# [HOW TO COMPLETE THIS TASK]
With the pictures left out, set down the line containing "this 1280×1707 image." and each line after it to the end of the material, exactly as written.

# [DATA FOR REVIEW]
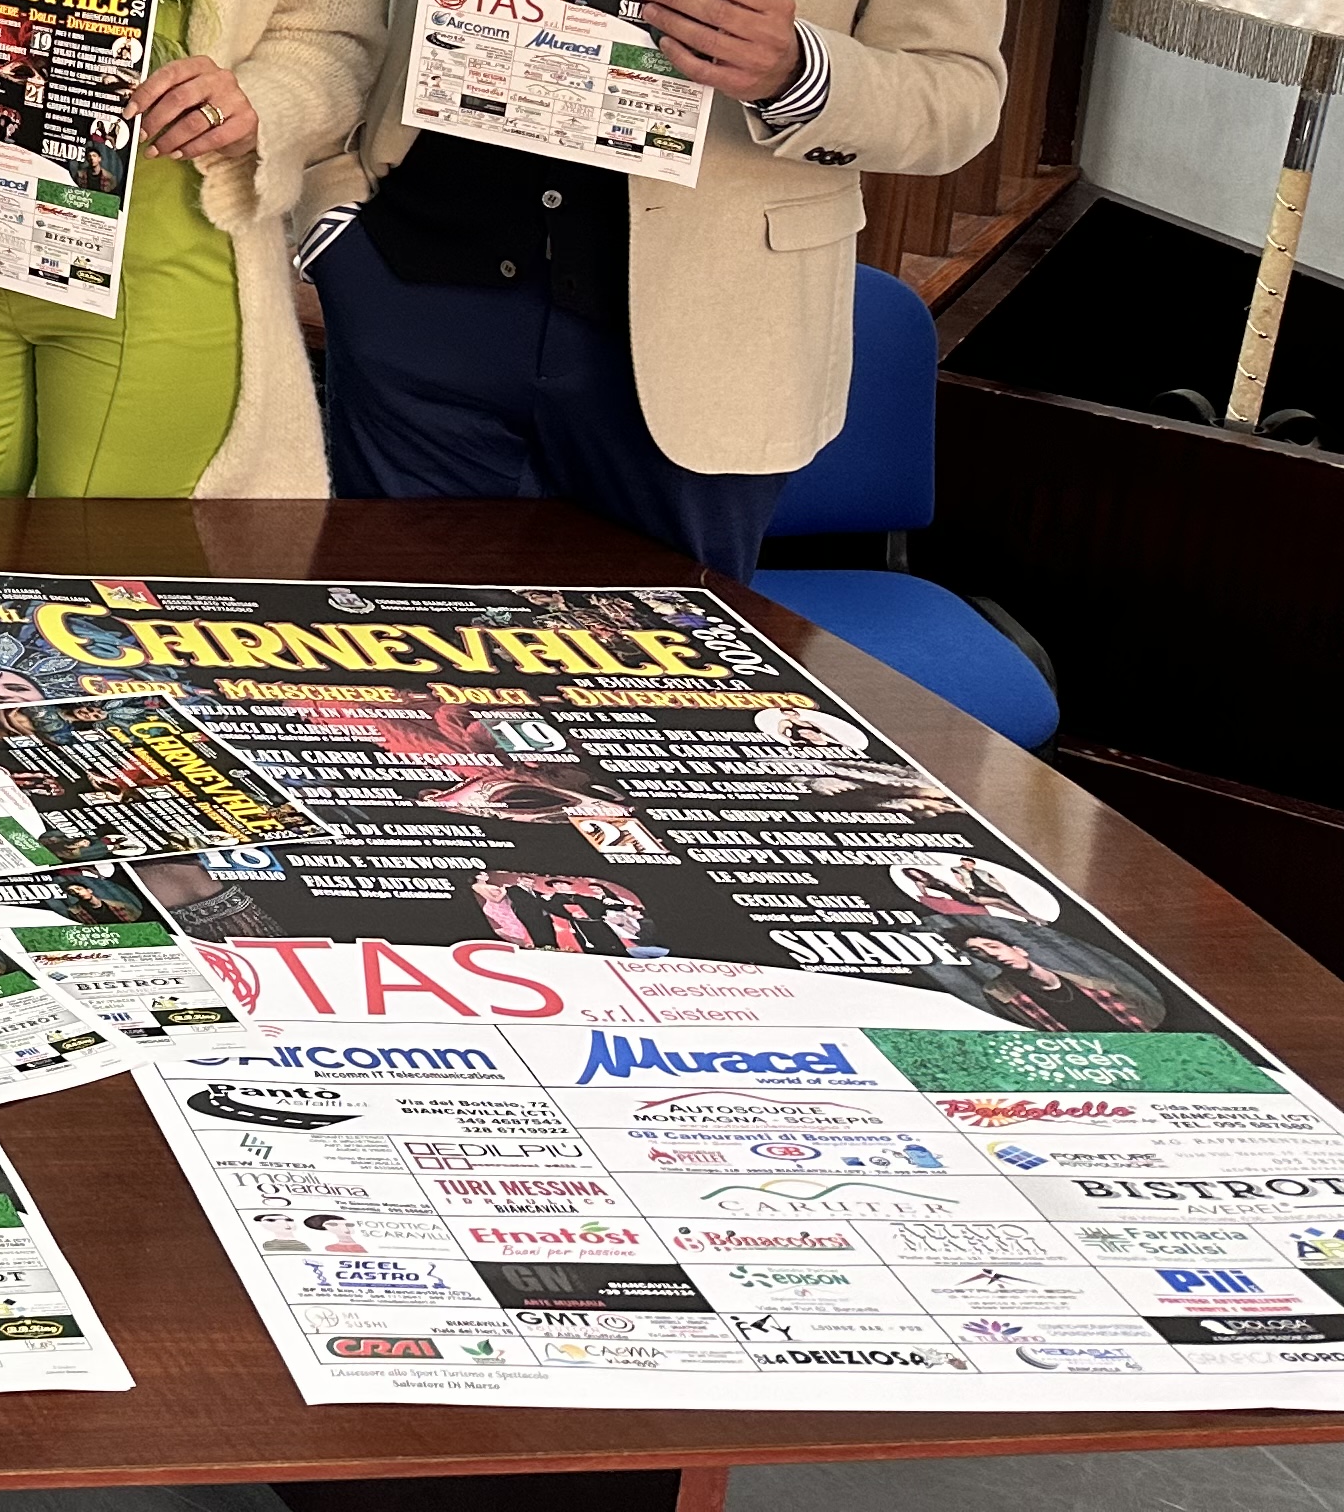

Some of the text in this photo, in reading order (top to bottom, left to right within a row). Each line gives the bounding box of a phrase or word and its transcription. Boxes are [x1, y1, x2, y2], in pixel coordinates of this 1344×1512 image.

[33, 601, 734, 680] CARNEVALE
[426, 682, 819, 711] DOLCI DIVERTIMENTO
[491, 719, 570, 755] 19
[584, 817, 670, 855] 21
[769, 929, 971, 968] SHADE
[1037, 1036, 1103, 1052] city
[575, 1029, 862, 1085] Muracel
[1028, 1050, 1138, 1068] green
[1060, 1066, 1142, 1084] light
[669, 1103, 827, 1115] AUTOSCUOLE
[633, 1114, 884, 1125] MONTAGNA SCHEPIS
[433, 1178, 609, 1198] TURI MESSINA
[1073, 1176, 1344, 1201] BISTROT
[1123, 1228, 1249, 1241] Farmacia
[1138, 1242, 1228, 1256] Scalisi
[1155, 1269, 1265, 1294] Pili
[331, 1337, 439, 1357] CRAI
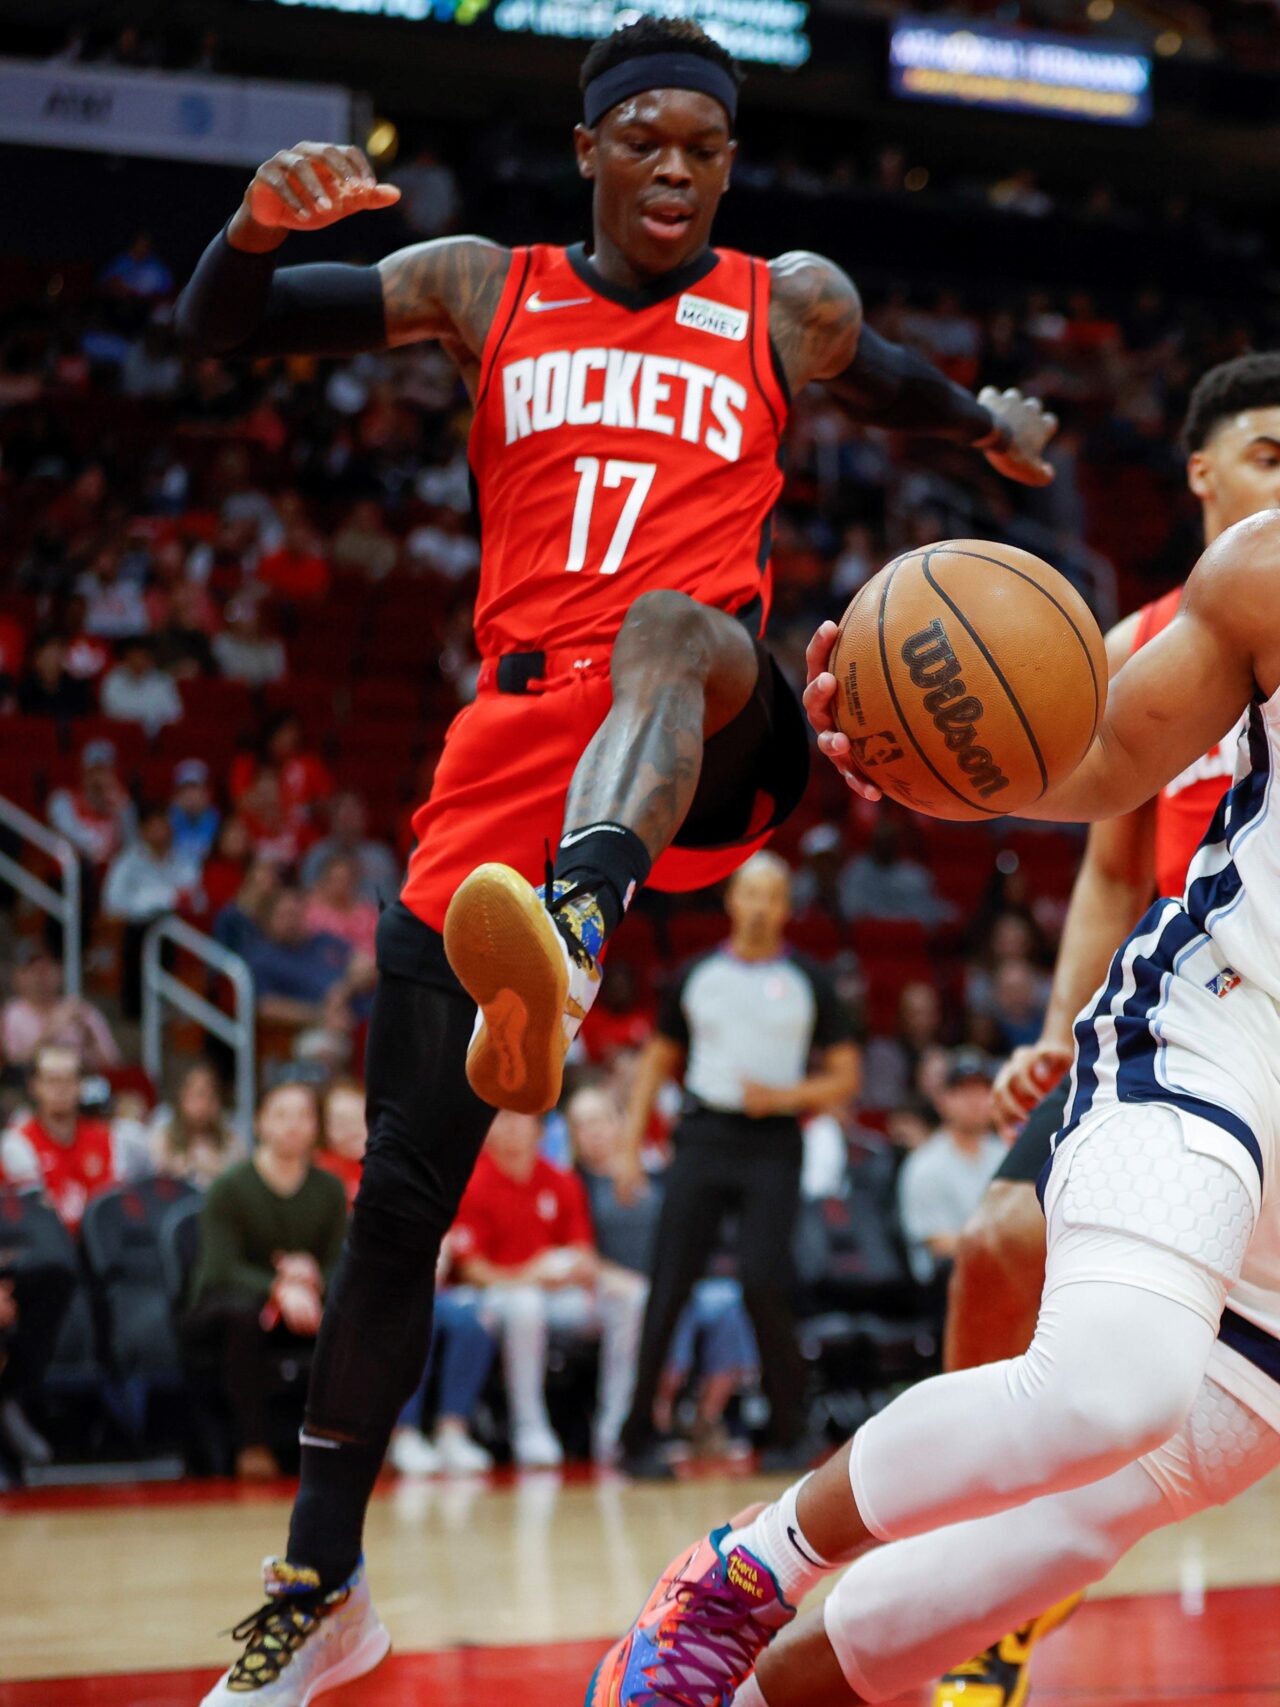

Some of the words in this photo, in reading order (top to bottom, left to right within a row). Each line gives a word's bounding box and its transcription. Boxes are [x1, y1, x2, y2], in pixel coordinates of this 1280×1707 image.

[681, 310, 740, 337] MONEY
[503, 347, 746, 462] ROCKETS
[565, 457, 656, 574] 17
[901, 617, 1009, 798] Wilson
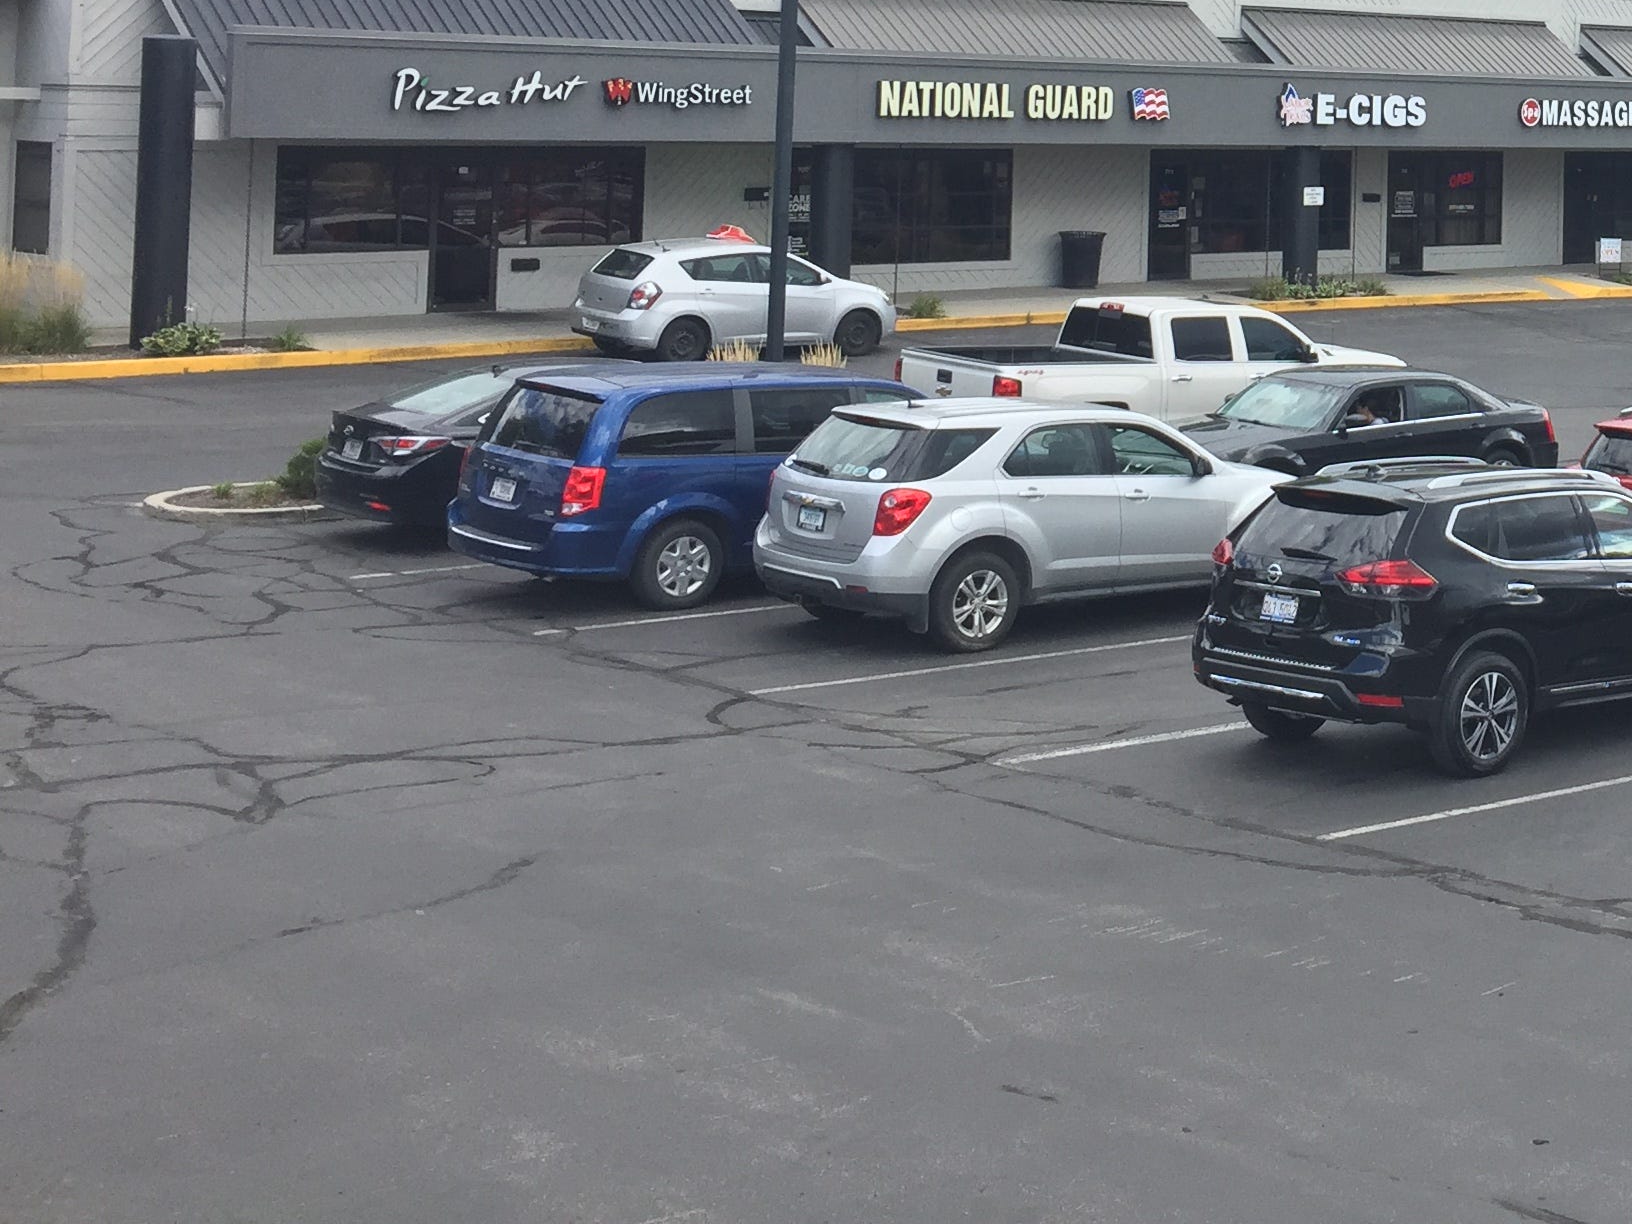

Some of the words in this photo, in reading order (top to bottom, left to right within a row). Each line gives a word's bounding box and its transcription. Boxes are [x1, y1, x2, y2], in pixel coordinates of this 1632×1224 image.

# [EXERCISE RESPONSE]
Some of the words in this photo, in reading order (top to bottom, left to right within a row). Each line gives a word's bounding box and its transcription. Boxes are [x1, y1, x2, y2], in pixel coordinates of this 1280×1707 image.

[681, 310, 740, 337] MONEY
[503, 347, 746, 462] ROCKETS
[565, 457, 656, 574] 17
[901, 617, 1009, 798] Wilson

Some of the words in this photo, in reading order (top to bottom, left to right within a row). Each line gives a word's bounding box and its transcription. Boxes are [x1, y1, x2, y2], in pixel coordinates of this 1632×1224 image.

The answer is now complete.